With sales plunging and the auto industry in a tailspin, it’s a great time to get a deal on a car. But think big: For a few extra bucks, you might be able to buy the whole company.
Here’s the list of carmakers on the block:
Chrysler. The nearly insolvent automaker has basically said it can’t survive on its own. It wants General Motors to buy it, but GM has its own huge problems and doesn’t want to add Chrysler to them. Chrysler’s next preferred suitor is Nissan-Renault, but they’ve demurred, too. That leaves Italian automaker Fiat, which has agreed to partner with Chrysler – but not put any money on the table. In fact, a Fiat deal would require at least $5 billion in additional financing from the U.S. government. Which means it might not happen. So anybody who put up the right amount of cash could still grab Chrysler.
Saab. GM, which has owned the Swedish automaker since 2000, is cutting Saab loose as part of its vast restructuring plan. With no buyer stepping up, the move has forced the quirky carmaker to declare bankruptcy. It’s still for sale – and the price is dropping.
Hummer. This is another division GM plans to unload. It’s been looking for a buyer since last summer, but none has materialized. GM now says it may simply phase out the gaudy brand, whose heyday has clearly passed.
Saturn. This GM division is headed for extinction, too, unless a buyer emerges before GM starts to phase out the entire lineup.
[See why falling behind Toyota is good for GM.]
Volvo. It’s turning into a bad year for Scandinavia. Ford, which owns Volvo, says it’s conducting a “strategic review” of the Swedish brand. That means it’s for sale, just like the Jaguar – Land Rover division that Ford sold last year to India’s Tata Motors.
[See why Ford is veering closer to a bailout.]
Would anybody buy one of these beleagured automakers? Actually, yes. In fact, it could be a key opportunity for a foreign company hoping to enter the U.S. market. “Buying one of these companies sounds attractive,” says analyst Tim Dunne of J.D. Power & Associates, who specializes in the Asian car industry. “You get an established brand, access to distribution networks in the United States, access to vehicle platforms and technologies, and maybe an assembly plant or two.” He adds that it’s a lousy time to make such a big purchase. But if the offering price falls to fire-sale levels, a deal could look too good to pass up.
Here’s who might have the wherewithal and motivation to buy a car company:
Chery. China’s biggest car company already exports cars to a number of developing nations, and has said it wants to sell Chinese-made cars in the United States. Industry reports suggest Chery is interested in buying Volvo, as a way to crack into the developed world and gain access to top technology.
[See the 12 most important cars of 2009.]

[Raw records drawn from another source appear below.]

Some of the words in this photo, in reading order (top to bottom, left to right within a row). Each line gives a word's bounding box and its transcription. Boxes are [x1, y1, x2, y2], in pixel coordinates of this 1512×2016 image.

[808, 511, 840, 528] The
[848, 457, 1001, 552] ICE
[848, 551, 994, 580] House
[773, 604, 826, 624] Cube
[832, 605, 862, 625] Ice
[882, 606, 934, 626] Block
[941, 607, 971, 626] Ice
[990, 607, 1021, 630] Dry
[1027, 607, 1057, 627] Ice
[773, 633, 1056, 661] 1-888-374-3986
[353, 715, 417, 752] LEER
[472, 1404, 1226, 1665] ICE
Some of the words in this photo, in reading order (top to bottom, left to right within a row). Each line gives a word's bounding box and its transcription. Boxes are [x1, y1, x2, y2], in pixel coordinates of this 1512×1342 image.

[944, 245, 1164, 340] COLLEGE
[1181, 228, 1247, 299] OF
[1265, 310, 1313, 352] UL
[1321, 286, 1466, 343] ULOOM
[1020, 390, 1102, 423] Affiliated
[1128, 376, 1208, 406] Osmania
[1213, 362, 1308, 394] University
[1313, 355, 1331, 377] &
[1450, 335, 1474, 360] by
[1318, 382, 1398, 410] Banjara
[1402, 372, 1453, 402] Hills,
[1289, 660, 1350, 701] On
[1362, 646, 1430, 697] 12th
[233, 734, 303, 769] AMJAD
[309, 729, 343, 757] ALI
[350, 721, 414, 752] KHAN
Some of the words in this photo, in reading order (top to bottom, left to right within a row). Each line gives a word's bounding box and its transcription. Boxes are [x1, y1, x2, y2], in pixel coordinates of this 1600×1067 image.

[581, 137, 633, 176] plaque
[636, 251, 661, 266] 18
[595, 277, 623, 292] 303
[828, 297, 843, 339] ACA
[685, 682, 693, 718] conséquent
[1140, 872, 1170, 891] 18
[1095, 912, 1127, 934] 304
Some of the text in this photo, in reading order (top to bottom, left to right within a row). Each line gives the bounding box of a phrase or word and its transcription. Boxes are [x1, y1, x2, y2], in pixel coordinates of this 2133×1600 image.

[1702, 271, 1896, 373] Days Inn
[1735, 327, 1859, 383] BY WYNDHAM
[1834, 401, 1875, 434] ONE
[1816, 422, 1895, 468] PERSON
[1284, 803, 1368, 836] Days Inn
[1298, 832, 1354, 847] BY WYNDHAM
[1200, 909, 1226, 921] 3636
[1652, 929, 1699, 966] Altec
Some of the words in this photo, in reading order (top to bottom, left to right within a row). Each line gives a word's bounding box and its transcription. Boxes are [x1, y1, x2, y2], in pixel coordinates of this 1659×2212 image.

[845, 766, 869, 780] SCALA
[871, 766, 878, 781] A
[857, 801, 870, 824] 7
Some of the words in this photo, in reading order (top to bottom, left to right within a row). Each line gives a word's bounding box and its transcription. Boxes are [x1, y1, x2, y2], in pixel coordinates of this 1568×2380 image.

SAIC. This Chinese automaker, otherwise known as Shanghai Automotive Industry Corp., is owned by the municipal government of Shanghai, and it already has longstanding partnerships with GM and Volkswagen. “If there were to be a Chinese buyer,” says Dunne, “SAIC and Chery probably have access to the most financing and government support.” The sale of American assets to Chinese firms has been controversial before, and it probably would be again. But China already buys trillions of dollars worth of U.S. government securities, and if it were to buy an American automotive nameplate it might even lower Washington’s bailout costs.
Grupo Salinas. This Mexican conglomerate already sells home-grown cars and motorcycles, which its banking arm helps finance. “They’ve got a strong retail and financial footprint,” says Craig Cather, CEO of automotive consulting firm CSM Worldwide. “They could finance a deal.” The catch is that Grupo Salinas mainly sells in Latin America, where cars produced in high-cost U.S. factories would probably be too expensive. So any deal would have to be a tremendous bargain.
Toyota and Volkswagen. Virtually every car company is hurting, but these two biggies could still muster the cash to make a purchase, at the right price. Asian and European automakers, however, tend to prefer investments close to their home turf. And adding a troubled competitor to the portfolio could compound the challenge of digging out from a tough recession.
Nissan-Renault. The company is already a Japanese-French hybrid, and CEO Carlos Ghosn has indicated that Nissan wouldn’t mind adding a third leg to the proverbial stool - namely, a partner in Detroit. Chrysler and Nissan already have ties, but Ghosn has dismissed an all-out purchase of Chrysler as too expensive. With bankruptcy seeming increasingly likely, however, Chrysler's perceived value is probably falling. A threshold moment might be approaching when Nissan decides to jump. (And it might be after a bankruptcy filing, not before.)
Saturn lovers. Apparently there are a few. When GM officially announced that it intended to offload the struggling brand, Jill Lajdziak, the GM exec in charge of Saturn, sent a letter to 1.5 million customers suggesting that Saturn might continue to operate as an independent company. But somebody would have to buy it first. A group of dealers or other investors could band together and make a bid, or another well-heeled buyer might surface. No reasonable offers refused.